About this task – The response should consist solely of the lines running from the line with "this 1666×1666 image." to the end of the data, retyped exactly.

+++ Listed entries

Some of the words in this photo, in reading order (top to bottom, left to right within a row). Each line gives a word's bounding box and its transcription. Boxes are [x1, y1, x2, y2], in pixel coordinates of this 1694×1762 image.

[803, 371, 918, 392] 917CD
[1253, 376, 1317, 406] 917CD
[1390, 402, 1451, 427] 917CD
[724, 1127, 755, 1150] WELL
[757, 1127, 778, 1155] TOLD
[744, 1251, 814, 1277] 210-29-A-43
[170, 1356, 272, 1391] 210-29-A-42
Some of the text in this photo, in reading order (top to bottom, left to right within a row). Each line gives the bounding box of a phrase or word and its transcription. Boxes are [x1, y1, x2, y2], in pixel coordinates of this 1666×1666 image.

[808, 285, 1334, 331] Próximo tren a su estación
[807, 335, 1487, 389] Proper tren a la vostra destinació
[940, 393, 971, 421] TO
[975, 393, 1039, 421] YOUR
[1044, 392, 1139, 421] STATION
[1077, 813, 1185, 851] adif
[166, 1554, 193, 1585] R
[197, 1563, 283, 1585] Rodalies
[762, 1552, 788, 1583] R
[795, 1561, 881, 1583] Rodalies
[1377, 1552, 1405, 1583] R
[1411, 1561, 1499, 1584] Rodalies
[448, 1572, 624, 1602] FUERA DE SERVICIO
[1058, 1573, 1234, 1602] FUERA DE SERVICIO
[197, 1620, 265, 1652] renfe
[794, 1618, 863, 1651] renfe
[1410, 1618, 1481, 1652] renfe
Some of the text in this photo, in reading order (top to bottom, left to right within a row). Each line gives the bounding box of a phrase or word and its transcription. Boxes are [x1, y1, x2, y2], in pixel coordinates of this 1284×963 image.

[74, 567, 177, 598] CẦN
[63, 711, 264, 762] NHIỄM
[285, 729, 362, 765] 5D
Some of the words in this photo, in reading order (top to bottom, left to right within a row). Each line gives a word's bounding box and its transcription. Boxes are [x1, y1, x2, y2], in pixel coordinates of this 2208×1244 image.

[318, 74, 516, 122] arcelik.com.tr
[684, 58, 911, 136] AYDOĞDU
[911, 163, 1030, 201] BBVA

++++++

Task response –
Some of the text in this photo, in reading order (top to bottom, left to right within a row). Each line gives the bounding box of a phrase or word and its transcription. Boxes are [x1, y1, x2, y2], in pixel coordinates of this 1666×1666 image.

[808, 285, 1334, 331] Próximo tren a su estación
[807, 335, 1487, 389] Proper tren a la vostra destinació
[940, 393, 971, 421] TO
[975, 393, 1039, 421] YOUR
[1044, 392, 1139, 421] STATION
[1077, 813, 1185, 851] adif
[166, 1554, 193, 1585] R
[197, 1563, 283, 1585] Rodalies
[762, 1552, 788, 1583] R
[795, 1561, 881, 1583] Rodalies
[1377, 1552, 1405, 1583] R
[1411, 1561, 1499, 1584] Rodalies
[448, 1572, 624, 1602] FUERA DE SERVICIO
[1058, 1573, 1234, 1602] FUERA DE SERVICIO
[197, 1620, 265, 1652] renfe
[794, 1618, 863, 1651] renfe
[1410, 1618, 1481, 1652] renfe
Some of the text in this photo, in reading order (top to bottom, left to right within a row). Each line gives the bounding box of a phrase or word and its transcription. Boxes are [x1, y1, x2, y2], in pixel coordinates of this 1284×963 image.

[74, 567, 177, 598] CẦN
[63, 711, 264, 762] NHIỄM
[285, 729, 362, 765] 5D
Some of the words in this photo, in reading order (top to bottom, left to right within a row). Each line gives a word's bounding box and its transcription. Boxes are [x1, y1, x2, y2], in pixel coordinates of this 2208×1244 image.

[318, 74, 516, 122] arcelik.com.tr
[684, 58, 911, 136] AYDOĞDU
[911, 163, 1030, 201] BBVA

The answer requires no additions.